Record excerpts:
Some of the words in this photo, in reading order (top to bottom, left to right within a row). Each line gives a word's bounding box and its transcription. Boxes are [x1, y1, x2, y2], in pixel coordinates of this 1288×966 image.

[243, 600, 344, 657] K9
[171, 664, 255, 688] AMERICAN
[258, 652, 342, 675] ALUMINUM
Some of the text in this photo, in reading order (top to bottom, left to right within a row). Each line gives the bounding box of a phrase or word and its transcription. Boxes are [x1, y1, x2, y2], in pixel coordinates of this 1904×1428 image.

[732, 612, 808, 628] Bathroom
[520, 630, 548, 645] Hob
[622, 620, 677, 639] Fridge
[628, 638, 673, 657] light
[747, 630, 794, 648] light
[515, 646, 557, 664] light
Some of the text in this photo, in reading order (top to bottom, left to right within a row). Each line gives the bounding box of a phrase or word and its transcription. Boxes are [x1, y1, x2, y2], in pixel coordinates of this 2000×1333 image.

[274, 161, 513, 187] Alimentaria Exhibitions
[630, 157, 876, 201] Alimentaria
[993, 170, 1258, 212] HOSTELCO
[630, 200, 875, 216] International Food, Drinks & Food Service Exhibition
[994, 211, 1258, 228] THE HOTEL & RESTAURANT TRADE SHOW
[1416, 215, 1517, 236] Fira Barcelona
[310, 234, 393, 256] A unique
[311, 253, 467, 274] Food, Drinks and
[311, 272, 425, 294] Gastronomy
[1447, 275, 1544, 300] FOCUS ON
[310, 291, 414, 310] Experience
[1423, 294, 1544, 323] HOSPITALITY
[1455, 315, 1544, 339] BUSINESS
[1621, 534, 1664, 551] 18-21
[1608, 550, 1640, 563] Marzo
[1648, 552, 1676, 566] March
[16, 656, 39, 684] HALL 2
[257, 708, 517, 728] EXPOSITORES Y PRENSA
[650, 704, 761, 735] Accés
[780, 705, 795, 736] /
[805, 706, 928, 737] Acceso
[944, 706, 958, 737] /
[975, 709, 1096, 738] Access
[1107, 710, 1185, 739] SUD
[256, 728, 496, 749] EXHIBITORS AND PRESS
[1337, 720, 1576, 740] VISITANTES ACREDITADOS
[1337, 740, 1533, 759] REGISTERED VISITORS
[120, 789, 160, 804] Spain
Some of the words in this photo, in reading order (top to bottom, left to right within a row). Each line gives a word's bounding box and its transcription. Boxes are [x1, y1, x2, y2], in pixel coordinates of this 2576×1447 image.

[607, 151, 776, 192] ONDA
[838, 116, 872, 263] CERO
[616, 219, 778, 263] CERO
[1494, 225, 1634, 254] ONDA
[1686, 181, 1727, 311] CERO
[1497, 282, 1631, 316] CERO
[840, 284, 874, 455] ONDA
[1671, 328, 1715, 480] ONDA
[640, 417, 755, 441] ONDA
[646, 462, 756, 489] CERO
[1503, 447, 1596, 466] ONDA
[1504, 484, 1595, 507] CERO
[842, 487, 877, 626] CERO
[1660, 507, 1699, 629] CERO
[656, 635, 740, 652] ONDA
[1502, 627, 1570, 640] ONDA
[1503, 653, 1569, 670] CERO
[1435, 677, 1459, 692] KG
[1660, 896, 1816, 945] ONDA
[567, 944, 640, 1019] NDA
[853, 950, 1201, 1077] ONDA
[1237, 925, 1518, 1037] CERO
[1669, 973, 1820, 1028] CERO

Assignment:
All of the data, start to finish: please output it exactly.

Output for this exercise:
Some of the words in this photo, in reading order (top to bottom, left to right within a row). Each line gives a word's bounding box and its transcription. Boxes are [x1, y1, x2, y2], in pixel coordinates of this 1288×966 image.

[243, 600, 344, 657] K9
[171, 664, 255, 688] AMERICAN
[258, 652, 342, 675] ALUMINUM
Some of the text in this photo, in reading order (top to bottom, left to right within a row). Each line gives the bounding box of a phrase or word and its transcription. Boxes are [x1, y1, x2, y2], in pixel coordinates of this 1904×1428 image.

[732, 612, 808, 628] Bathroom
[520, 630, 548, 645] Hob
[622, 620, 677, 639] Fridge
[628, 638, 673, 657] light
[747, 630, 794, 648] light
[515, 646, 557, 664] light
Some of the text in this photo, in reading order (top to bottom, left to right within a row). Each line gives the bounding box of a phrase or word and its transcription. Boxes are [x1, y1, x2, y2], in pixel coordinates of this 2000×1333 image.

[274, 161, 513, 187] Alimentaria Exhibitions
[630, 157, 876, 201] Alimentaria
[993, 170, 1258, 212] HOSTELCO
[630, 200, 875, 216] International Food, Drinks & Food Service Exhibition
[994, 211, 1258, 228] THE HOTEL & RESTAURANT TRADE SHOW
[1416, 215, 1517, 236] Fira Barcelona
[310, 234, 393, 256] A unique
[311, 253, 467, 274] Food, Drinks and
[311, 272, 425, 294] Gastronomy
[1447, 275, 1544, 300] FOCUS ON
[310, 291, 414, 310] Experience
[1423, 294, 1544, 323] HOSPITALITY
[1455, 315, 1544, 339] BUSINESS
[1621, 534, 1664, 551] 18-21
[1608, 550, 1640, 563] Marzo
[1648, 552, 1676, 566] March
[16, 656, 39, 684] HALL 2
[257, 708, 517, 728] EXPOSITORES Y PRENSA
[650, 704, 761, 735] Accés
[780, 705, 795, 736] /
[805, 706, 928, 737] Acceso
[944, 706, 958, 737] /
[975, 709, 1096, 738] Access
[1107, 710, 1185, 739] SUD
[256, 728, 496, 749] EXHIBITORS AND PRESS
[1337, 720, 1576, 740] VISITANTES ACREDITADOS
[1337, 740, 1533, 759] REGISTERED VISITORS
[120, 789, 160, 804] Spain
Some of the words in this photo, in reading order (top to bottom, left to right within a row). Each line gives a word's bounding box and its transcription. Boxes are [x1, y1, x2, y2], in pixel coordinates of this 2576×1447 image.

[607, 151, 776, 192] ONDA
[838, 116, 872, 263] CERO
[616, 219, 778, 263] CERO
[1494, 225, 1634, 254] ONDA
[1686, 181, 1727, 311] CERO
[1497, 282, 1631, 316] CERO
[840, 284, 874, 455] ONDA
[1671, 328, 1715, 480] ONDA
[640, 417, 755, 441] ONDA
[646, 462, 756, 489] CERO
[1503, 447, 1596, 466] ONDA
[1504, 484, 1595, 507] CERO
[842, 487, 877, 626] CERO
[1660, 507, 1699, 629] CERO
[656, 635, 740, 652] ONDA
[1502, 627, 1570, 640] ONDA
[1503, 653, 1569, 670] CERO
[1435, 677, 1459, 692] KG
[1660, 896, 1816, 945] ONDA
[567, 944, 640, 1019] NDA
[853, 950, 1201, 1077] ONDA
[1237, 925, 1518, 1037] CERO
[1669, 973, 1820, 1028] CERO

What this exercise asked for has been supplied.